Supplied records -

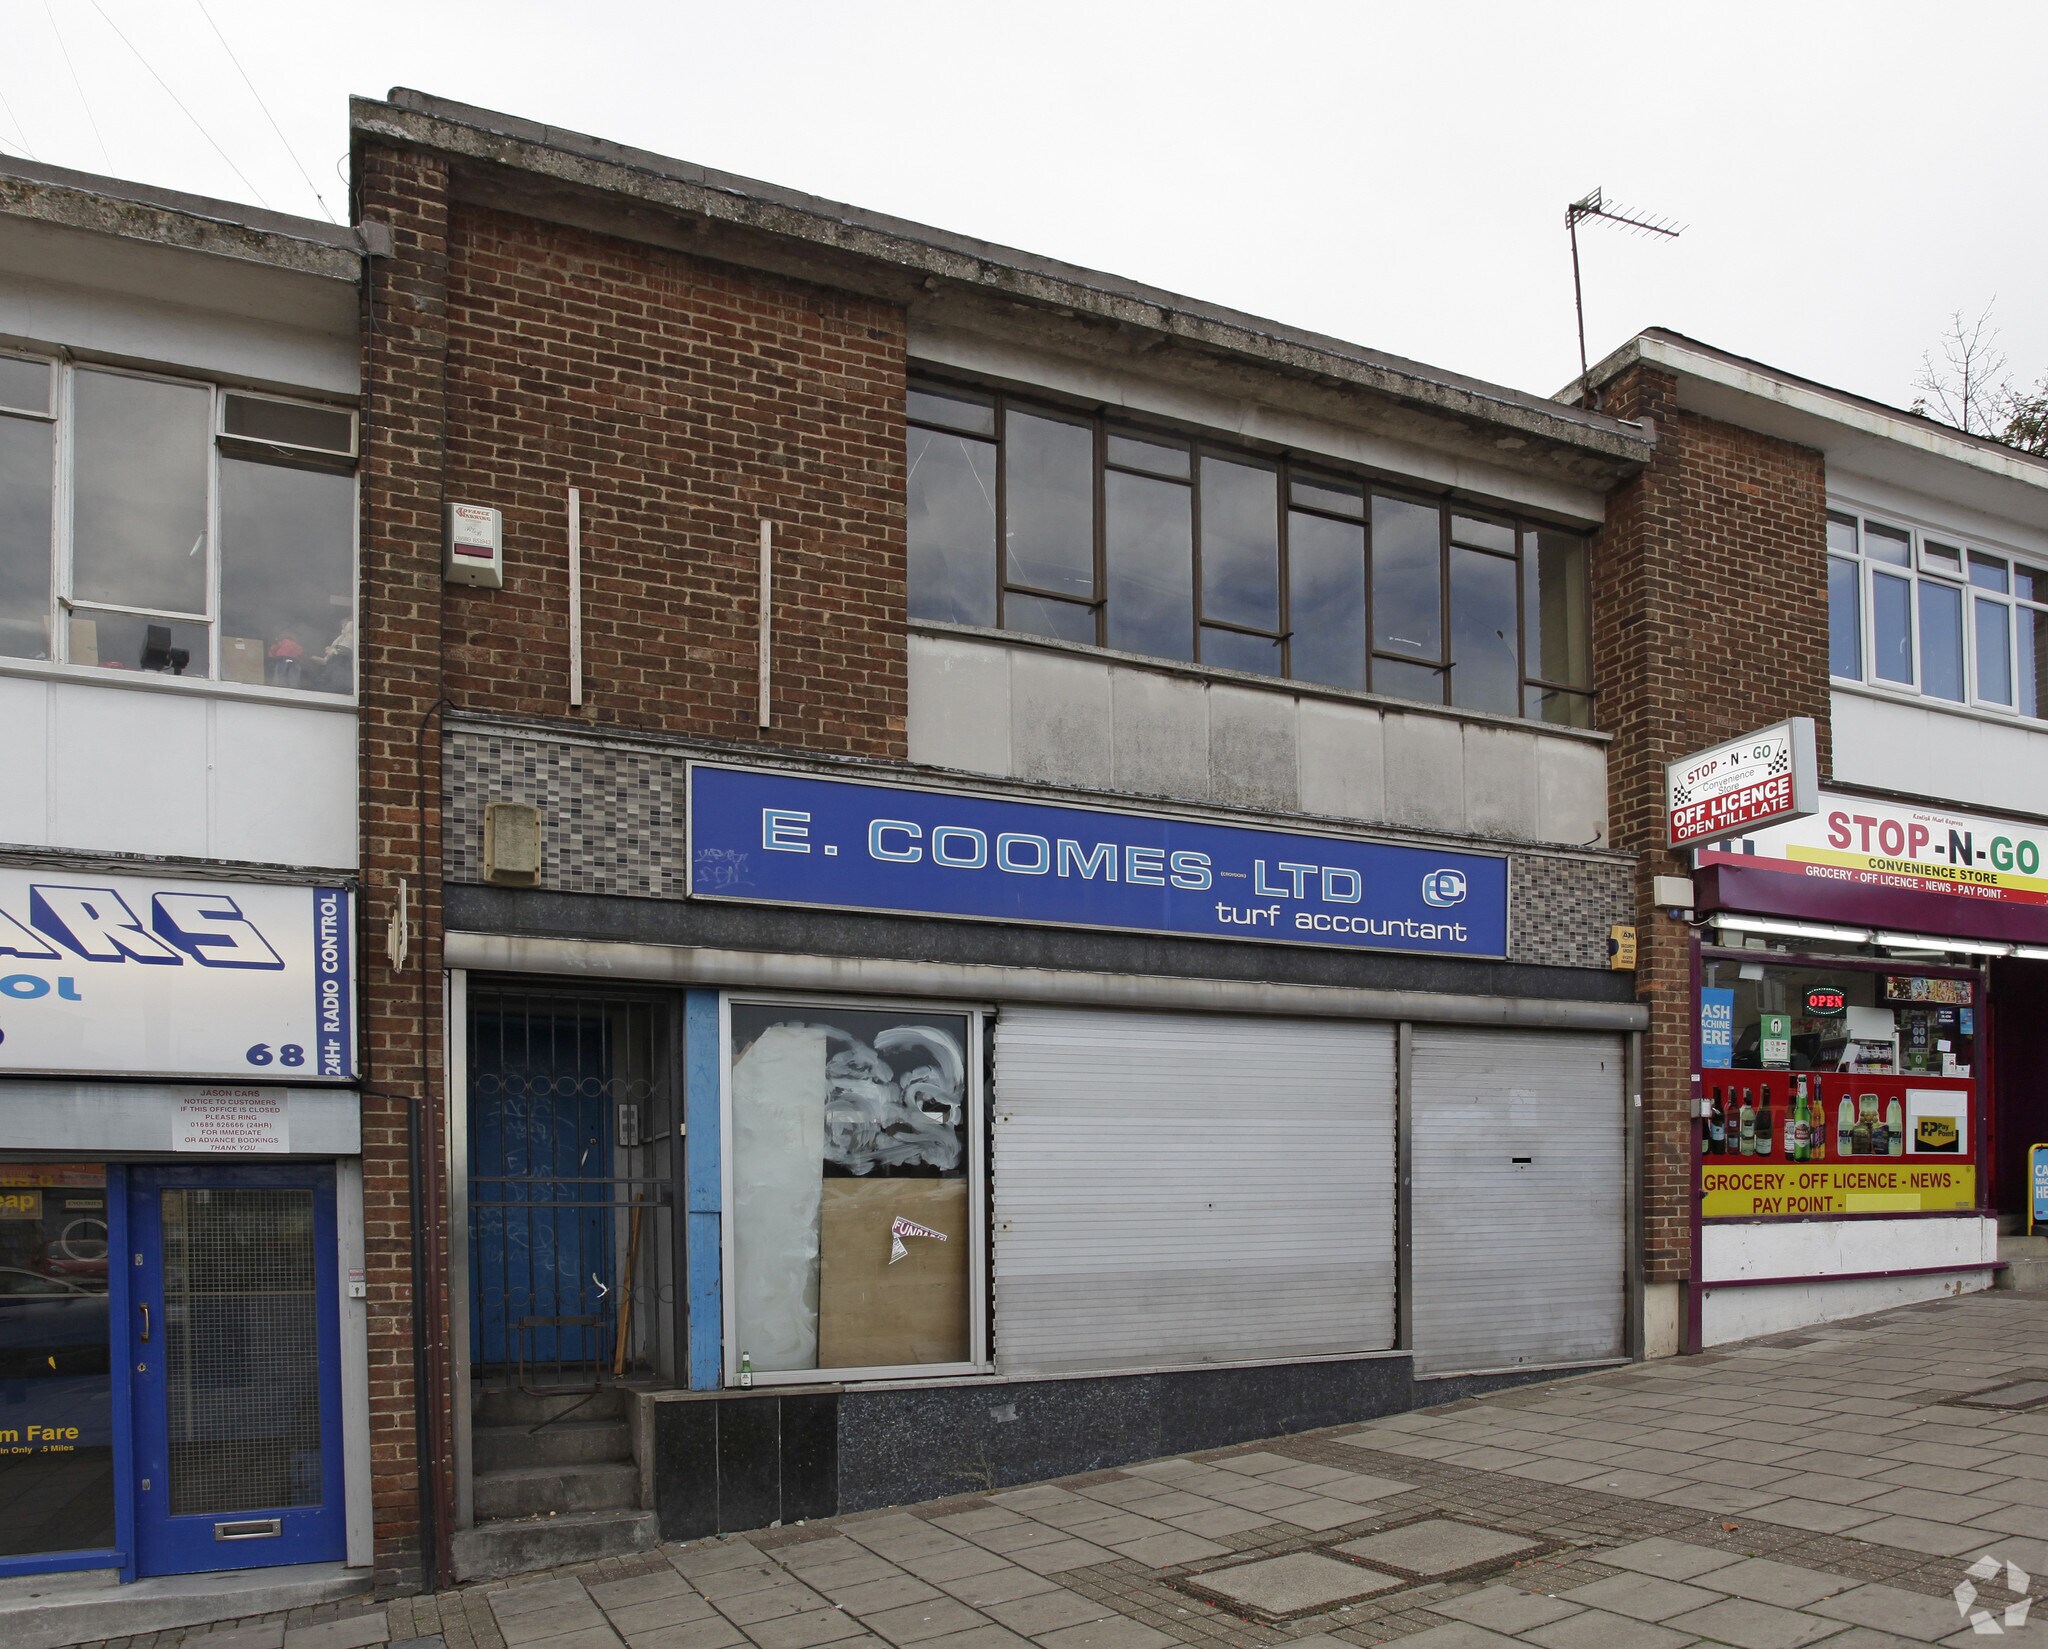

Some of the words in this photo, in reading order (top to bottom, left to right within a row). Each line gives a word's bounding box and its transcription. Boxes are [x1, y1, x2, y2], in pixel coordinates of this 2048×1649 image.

[1687, 760, 1718, 784] STOP
[1730, 752, 1739, 766] N
[1753, 744, 1771, 760] GO
[1703, 769, 1754, 791] Convenience
[1718, 782, 1740, 795] Store
[1673, 804, 1705, 826] OFF
[1711, 777, 1789, 816] LICENCE
[1677, 818, 1714, 838] OPEN
[1718, 810, 1747, 826] TILL
[1752, 796, 1788, 817] LATE
[763, 808, 838, 856] E.
[868, 818, 1212, 890] COOMES
[1254, 859, 1362, 904] LTD
[1806, 866, 1852, 880] GROCERY
[1860, 873, 1878, 883] OFF
[1880, 875, 1918, 889] LICENCE
[1926, 881, 1951, 893] NEWS
[1958, 884, 1975, 896] PAY
[1977, 887, 2001, 898] POINT
[1869, 858, 1956, 879] CONVENIENCE
[1960, 870, 1997, 884] STORE
[321, 893, 338, 974] CONTROL
[1215, 902, 1280, 926] turf
[1295, 911, 1467, 942] accountant
[323, 980, 339, 1032] RADIO
[1809, 995, 1843, 1007] OPEN
[246, 1043, 304, 1066] 68
[325, 1040, 341, 1075] 24Hr
[1938, 1123, 1949, 1131] Pay
[1704, 1174, 1785, 1191] GROCERY
[1799, 1173, 1828, 1189] OFF
[1834, 1173, 1897, 1189] LICENCE
[1910, 1173, 1951, 1188] NEWS
[1753, 1197, 1782, 1213] PAY
[1787, 1196, 1833, 1212] POINT
[27, 1425, 79, 1441] Fare
[12, 1446, 32, 1454] Only
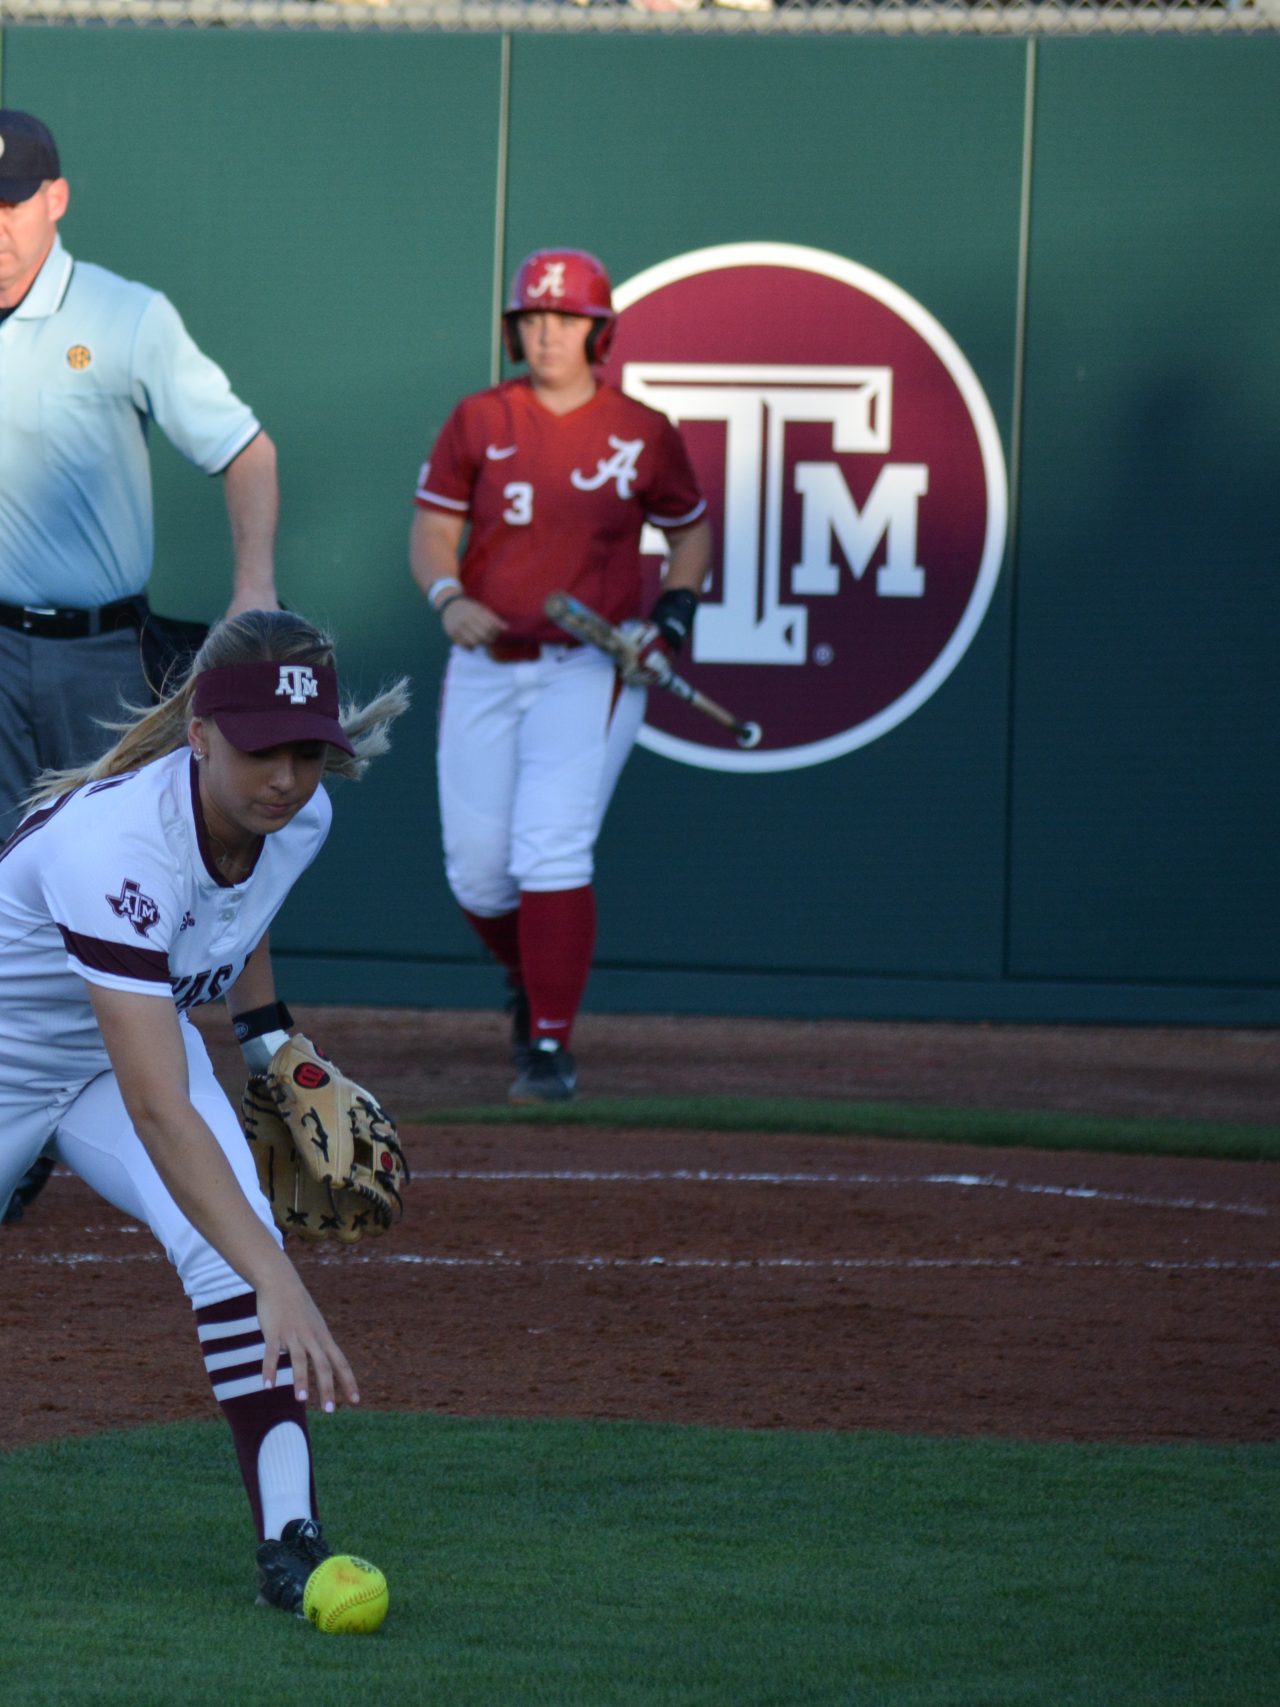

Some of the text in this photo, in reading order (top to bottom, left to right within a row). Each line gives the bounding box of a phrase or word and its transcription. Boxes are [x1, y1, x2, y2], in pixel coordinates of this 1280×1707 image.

[527, 262, 565, 298] A
[570, 434, 645, 500] A
[503, 482, 534, 526] 3
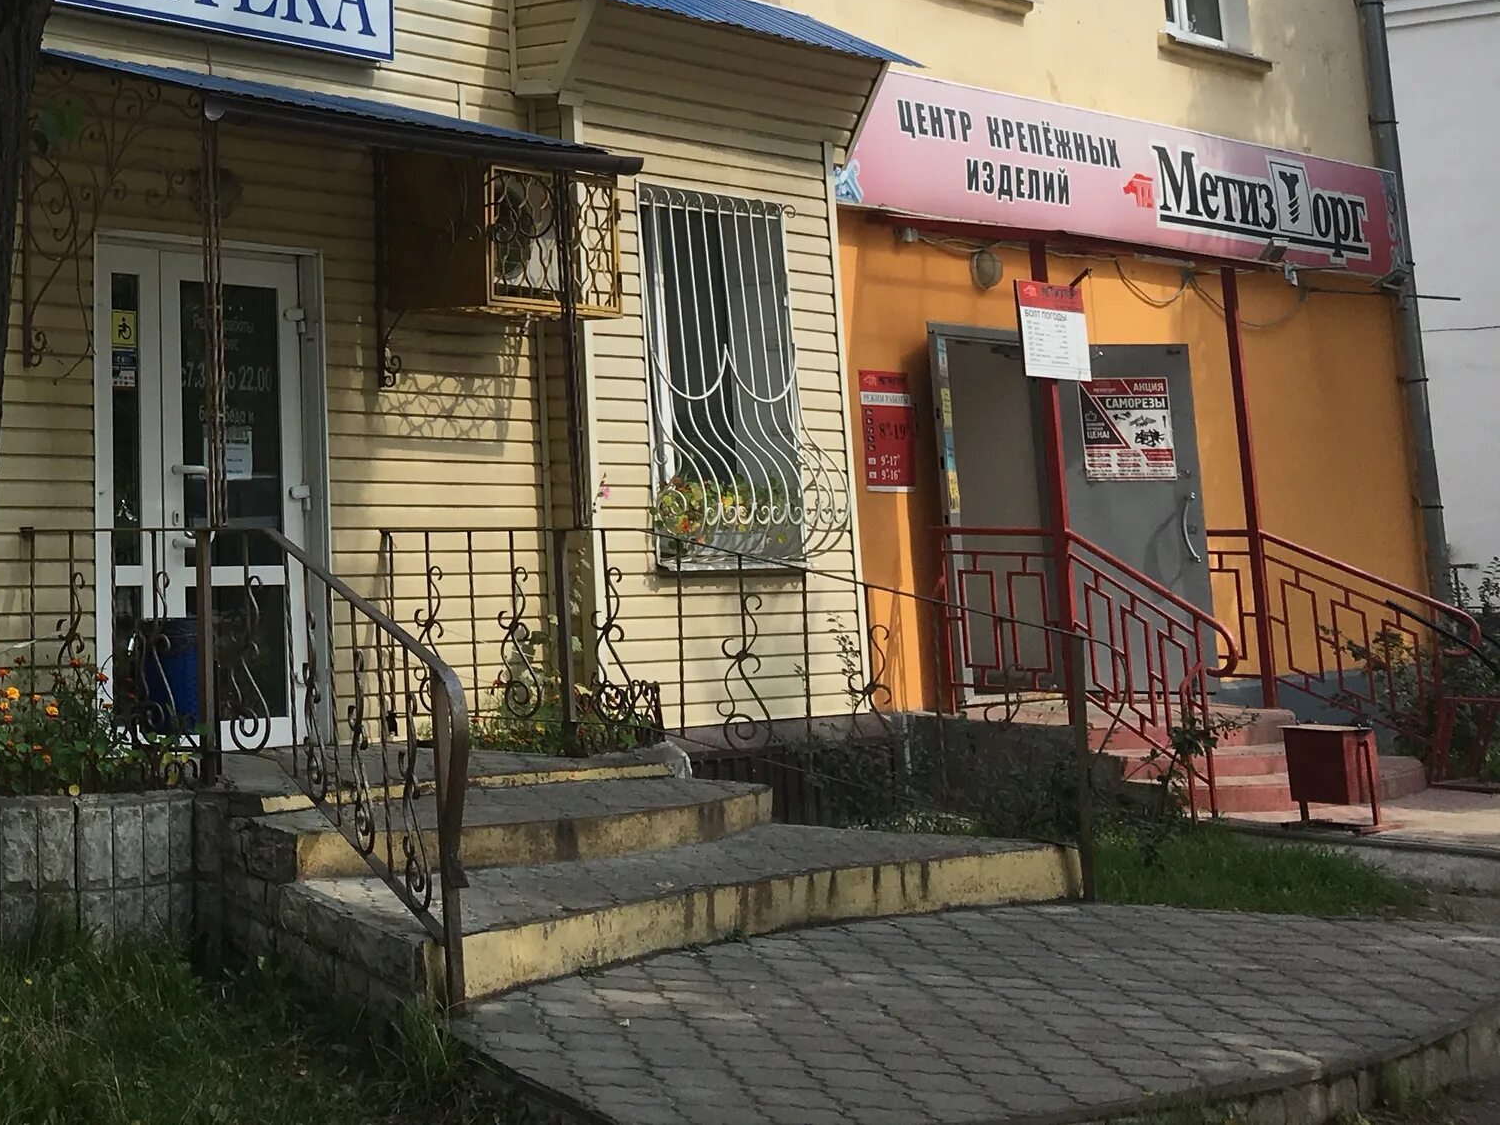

Aim of the exercise -
What is needed here is an exact transcription of every record above, with images excluded.

Answer section -
Some of the words in this photo, in reading order (top to bottom, left to right within a row). Each line gives a word's bounding box and its transcription. Boxes are [x1, y1, x2, y2], in pixel coordinates of this 2048×1649 image.

[1687, 760, 1718, 784] STOP
[1730, 752, 1739, 766] N
[1753, 744, 1771, 760] GO
[1703, 769, 1754, 791] Convenience
[1718, 782, 1740, 795] Store
[1673, 804, 1705, 826] OFF
[1711, 777, 1789, 816] LICENCE
[1677, 818, 1714, 838] OPEN
[1718, 810, 1747, 826] TILL
[1752, 796, 1788, 817] LATE
[763, 808, 838, 856] E.
[868, 818, 1212, 890] COOMES
[1254, 859, 1362, 904] LTD
[1806, 866, 1852, 880] GROCERY
[1860, 873, 1878, 883] OFF
[1880, 875, 1918, 889] LICENCE
[1926, 881, 1951, 893] NEWS
[1958, 884, 1975, 896] PAY
[1977, 887, 2001, 898] POINT
[1869, 858, 1956, 879] CONVENIENCE
[1960, 870, 1997, 884] STORE
[321, 893, 338, 974] CONTROL
[1215, 902, 1280, 926] turf
[1295, 911, 1467, 942] accountant
[323, 980, 339, 1032] RADIO
[1809, 995, 1843, 1007] OPEN
[246, 1043, 304, 1066] 68
[325, 1040, 341, 1075] 24Hr
[1938, 1123, 1949, 1131] Pay
[1704, 1174, 1785, 1191] GROCERY
[1799, 1173, 1828, 1189] OFF
[1834, 1173, 1897, 1189] LICENCE
[1910, 1173, 1951, 1188] NEWS
[1753, 1197, 1782, 1213] PAY
[1787, 1196, 1833, 1212] POINT
[27, 1425, 79, 1441] Fare
[12, 1446, 32, 1454] Only

Some of the text in this photo, in reading order (top to bottom, left to right within a row). Each line gives the bounding box of a phrase or word and its transcription. Boxes are [x1, y1, x2, y2], in pixel coordinates of this 1280×1707 image.

[527, 262, 565, 298] A
[570, 434, 645, 500] A
[503, 482, 534, 526] 3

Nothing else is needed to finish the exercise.